As we have written in a previous blog post , the proposed program contemplates the following key elements:

  1. Eligibility to become a whistleblower: in order to be eligible as a whistleblower, one must have credible and detailed information which the OSC does not currently have, and that information must lead to the commencement of an OSC proceeding. Chief Compliance Officers are specifically excepted from eligibility.
  2. Financial incentives provided to eligible whistleblowers: this key factor in the success of the program provides that if the information provided by an eligible whistleblower leads to a conviction or settlement agreement of more than $1-million, that whistleblower may be awarded a bounty of up to 15% of the total sanction up to a total award of $1.5-million, subject to a number of limitations. This stands in contrast to the U.S. Dodd-Frank Whistleblower Program, which directs the SEC to make awards to eligible individuals in an amount equal to 10% to 30% of the sanction collected, with no cap on the total amount of the award.
  3. Confidentiality of the identity of whistleblowers: the OSC notes that it intends to use all reasonable efforts to keep confidential a whistleblower’s identity, unless such disclosure is required to allow the respondent to make full answer or defence or to allow OSC Staff to make a case against the respondent (among other exceptions). Given the breadth of the exceptions listed above, it will be interesting to see in what instances the OSC is able to maintain a whistleblower’s identity confidential, and to what extent this risk affects participation in the program.
  4. Protection of whistleblowers: as a complement to the confidentiality protections, the OSC notes that in order to protect whistleblowers from retaliation, similar to the SEC and its ability to bring a whistleblower retaliation suit, certain legislative amendments will be required, including provisions specifically prohibiting retaliation, granting a civil right of action against an employer by a whistleblower who has experienced retaliation, and rendering unenforceable contractual provisions designed to silence whistleblowers.

As noted above, Osler has significant concerns with regards to the framework in the proposed Whistleblower Program, especially as it relates to internal compliance programs.

Circumventing Internal Compliance

In order to encourage an organization to maintain and continuously improve its ‘culture of compliance’, eligibility to receive a whistleblower award must be dependent on satisfactory proof that individuals sought to fully avail themselves of the internal compliance and complaint procedures of the organization, or proof that there were compelling reasons why it was not possible to do so. Without this preliminary recourse to the internal compliance procedure of the organization, the Whistleblower Program would significantly diminish the important role internal compliance and complaint programs play in promoting compliance with securities law. Indeed, rather than encouraging effective complaint handling and diligent responses to allegations of malfeasance by incentivizing whistleblowers to go directly to the Regulator, the Whistleblower Program may impose a difficult burden on officials to properly design and operationalize a “best in class” compliance culture within their respective organizations.
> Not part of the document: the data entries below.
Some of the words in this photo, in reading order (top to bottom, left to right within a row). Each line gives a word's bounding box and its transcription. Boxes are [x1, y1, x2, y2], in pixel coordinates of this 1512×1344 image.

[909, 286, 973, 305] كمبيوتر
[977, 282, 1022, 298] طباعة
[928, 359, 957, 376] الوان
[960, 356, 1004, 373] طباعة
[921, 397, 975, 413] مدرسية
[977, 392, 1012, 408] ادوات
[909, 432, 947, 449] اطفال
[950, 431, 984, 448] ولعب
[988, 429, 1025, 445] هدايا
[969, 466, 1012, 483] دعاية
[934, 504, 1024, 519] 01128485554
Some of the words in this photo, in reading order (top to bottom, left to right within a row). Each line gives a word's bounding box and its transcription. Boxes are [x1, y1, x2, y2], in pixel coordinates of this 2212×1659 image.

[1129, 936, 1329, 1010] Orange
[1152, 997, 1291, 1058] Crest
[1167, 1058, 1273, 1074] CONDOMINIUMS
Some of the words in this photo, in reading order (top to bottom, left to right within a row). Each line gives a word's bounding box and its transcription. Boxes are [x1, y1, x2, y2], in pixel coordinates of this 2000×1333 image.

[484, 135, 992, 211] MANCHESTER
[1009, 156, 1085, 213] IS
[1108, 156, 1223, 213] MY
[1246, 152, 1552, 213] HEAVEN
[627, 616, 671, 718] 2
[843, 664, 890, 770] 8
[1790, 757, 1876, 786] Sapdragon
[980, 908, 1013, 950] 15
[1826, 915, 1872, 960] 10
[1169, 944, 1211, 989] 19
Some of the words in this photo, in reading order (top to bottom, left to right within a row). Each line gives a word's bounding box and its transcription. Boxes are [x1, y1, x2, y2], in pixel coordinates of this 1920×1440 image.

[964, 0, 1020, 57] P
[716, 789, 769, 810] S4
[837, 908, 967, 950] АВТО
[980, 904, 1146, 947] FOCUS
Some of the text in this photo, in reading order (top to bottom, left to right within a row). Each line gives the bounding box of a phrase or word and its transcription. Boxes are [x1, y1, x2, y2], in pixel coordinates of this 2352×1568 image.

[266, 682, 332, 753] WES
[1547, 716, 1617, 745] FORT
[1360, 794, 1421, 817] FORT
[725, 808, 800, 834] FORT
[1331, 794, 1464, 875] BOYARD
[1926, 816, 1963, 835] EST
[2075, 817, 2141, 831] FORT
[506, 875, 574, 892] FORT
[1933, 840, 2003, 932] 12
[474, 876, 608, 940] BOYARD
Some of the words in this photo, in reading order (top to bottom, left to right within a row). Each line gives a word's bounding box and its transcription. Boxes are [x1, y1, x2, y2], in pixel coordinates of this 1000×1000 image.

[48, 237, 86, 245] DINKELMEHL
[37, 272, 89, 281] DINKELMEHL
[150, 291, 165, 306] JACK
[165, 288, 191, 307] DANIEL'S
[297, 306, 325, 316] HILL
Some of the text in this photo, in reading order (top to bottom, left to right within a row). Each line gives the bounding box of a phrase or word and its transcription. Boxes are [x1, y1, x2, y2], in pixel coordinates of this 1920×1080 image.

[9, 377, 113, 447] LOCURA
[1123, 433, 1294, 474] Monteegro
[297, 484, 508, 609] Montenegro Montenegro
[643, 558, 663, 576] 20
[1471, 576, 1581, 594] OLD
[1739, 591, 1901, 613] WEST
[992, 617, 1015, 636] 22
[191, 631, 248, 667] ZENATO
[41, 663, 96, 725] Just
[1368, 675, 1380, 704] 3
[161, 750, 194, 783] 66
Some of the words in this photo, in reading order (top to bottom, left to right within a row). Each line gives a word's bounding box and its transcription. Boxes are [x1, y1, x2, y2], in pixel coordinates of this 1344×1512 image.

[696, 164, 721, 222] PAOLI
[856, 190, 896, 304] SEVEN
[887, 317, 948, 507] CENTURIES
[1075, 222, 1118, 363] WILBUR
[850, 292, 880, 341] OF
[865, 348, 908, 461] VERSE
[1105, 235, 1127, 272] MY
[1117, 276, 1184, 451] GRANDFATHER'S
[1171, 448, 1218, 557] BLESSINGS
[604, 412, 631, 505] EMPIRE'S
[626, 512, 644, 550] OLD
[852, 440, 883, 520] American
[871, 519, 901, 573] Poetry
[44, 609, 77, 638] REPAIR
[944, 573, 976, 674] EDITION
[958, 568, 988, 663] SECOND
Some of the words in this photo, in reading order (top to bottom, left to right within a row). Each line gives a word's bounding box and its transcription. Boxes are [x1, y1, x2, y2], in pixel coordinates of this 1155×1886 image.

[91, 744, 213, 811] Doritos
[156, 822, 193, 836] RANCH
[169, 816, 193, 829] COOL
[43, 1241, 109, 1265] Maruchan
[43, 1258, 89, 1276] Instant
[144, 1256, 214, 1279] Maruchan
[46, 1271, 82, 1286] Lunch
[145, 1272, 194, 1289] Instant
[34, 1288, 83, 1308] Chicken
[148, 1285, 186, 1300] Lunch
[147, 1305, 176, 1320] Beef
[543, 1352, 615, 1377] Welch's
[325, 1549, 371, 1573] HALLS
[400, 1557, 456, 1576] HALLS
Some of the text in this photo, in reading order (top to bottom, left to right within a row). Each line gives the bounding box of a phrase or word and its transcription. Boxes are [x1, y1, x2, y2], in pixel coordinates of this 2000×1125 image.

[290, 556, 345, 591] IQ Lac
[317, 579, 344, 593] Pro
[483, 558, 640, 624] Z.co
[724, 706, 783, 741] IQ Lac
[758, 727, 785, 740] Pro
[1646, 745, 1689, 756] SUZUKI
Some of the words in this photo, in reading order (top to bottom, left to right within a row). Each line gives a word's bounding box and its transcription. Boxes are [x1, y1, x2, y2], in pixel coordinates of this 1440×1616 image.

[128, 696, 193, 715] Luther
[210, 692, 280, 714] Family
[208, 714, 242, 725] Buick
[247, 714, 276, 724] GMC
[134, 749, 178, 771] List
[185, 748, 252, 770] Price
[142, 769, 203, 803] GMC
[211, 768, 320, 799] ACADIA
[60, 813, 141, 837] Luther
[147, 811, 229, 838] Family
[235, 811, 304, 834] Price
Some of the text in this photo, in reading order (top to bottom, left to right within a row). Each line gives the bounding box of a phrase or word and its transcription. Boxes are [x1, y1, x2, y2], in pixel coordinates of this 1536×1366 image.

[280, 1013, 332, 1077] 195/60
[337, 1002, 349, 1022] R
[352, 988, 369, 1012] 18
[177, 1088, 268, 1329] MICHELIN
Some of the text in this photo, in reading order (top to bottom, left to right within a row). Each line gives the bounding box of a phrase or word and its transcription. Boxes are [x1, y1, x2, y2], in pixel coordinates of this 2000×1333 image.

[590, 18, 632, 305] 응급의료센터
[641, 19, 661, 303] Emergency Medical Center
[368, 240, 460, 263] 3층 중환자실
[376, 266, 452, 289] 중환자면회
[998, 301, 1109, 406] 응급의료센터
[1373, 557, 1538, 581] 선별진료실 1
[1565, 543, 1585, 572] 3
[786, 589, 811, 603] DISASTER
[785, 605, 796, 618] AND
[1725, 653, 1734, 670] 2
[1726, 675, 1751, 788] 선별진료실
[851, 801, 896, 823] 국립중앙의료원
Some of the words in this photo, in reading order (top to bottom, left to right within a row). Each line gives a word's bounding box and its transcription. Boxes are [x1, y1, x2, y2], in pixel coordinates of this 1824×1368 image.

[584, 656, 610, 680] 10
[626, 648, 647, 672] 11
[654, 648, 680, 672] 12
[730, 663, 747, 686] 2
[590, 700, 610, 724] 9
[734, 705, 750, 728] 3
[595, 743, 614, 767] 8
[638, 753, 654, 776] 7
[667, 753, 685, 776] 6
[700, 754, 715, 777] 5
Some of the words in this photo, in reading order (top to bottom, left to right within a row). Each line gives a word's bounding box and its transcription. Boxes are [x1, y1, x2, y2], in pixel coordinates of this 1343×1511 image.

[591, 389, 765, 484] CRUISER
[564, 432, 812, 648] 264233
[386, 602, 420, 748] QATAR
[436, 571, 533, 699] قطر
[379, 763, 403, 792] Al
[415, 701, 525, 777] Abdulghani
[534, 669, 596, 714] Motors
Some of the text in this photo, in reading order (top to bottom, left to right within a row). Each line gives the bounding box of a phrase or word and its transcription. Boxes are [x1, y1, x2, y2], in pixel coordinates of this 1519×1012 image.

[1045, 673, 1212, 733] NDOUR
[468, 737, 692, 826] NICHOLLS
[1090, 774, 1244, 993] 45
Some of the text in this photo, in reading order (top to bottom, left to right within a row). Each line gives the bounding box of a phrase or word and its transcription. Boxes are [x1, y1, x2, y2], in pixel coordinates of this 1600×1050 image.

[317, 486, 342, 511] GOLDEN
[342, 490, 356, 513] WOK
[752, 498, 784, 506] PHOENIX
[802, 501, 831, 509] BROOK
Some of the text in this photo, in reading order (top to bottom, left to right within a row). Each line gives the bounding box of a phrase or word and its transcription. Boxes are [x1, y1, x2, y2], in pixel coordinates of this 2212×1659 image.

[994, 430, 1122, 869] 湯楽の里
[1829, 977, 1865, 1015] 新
Eligibility Based on Monetary Conviction Too Narrow

In order to be eligible for an award under the Whistleblower Program, the whistleblower must provide information that leads to a sanction or a settlement agreement of more than $1 million. Given the OSC’s breadth of tools used in addressing misconduct, whistleblowers who provide information leading to significant conduct bans, voluntary payments to investors, or meaningful changes to business processes and internal controls, should be eligible to receive a whistleblower award, regardless of whether a monetary sanction is imposed, given that the OSC has various tools at its disposal to address violations of securities laws. Indeed, tying incentives solely to financial sanctions is misguided in the Canadian context where the OSC’s enforcement tools are broader that merely levying fines for misfeasance.

Next Steps

The OSC will host a roundtable discussion in early June to further explore the issues raised by the Whistleblower Program.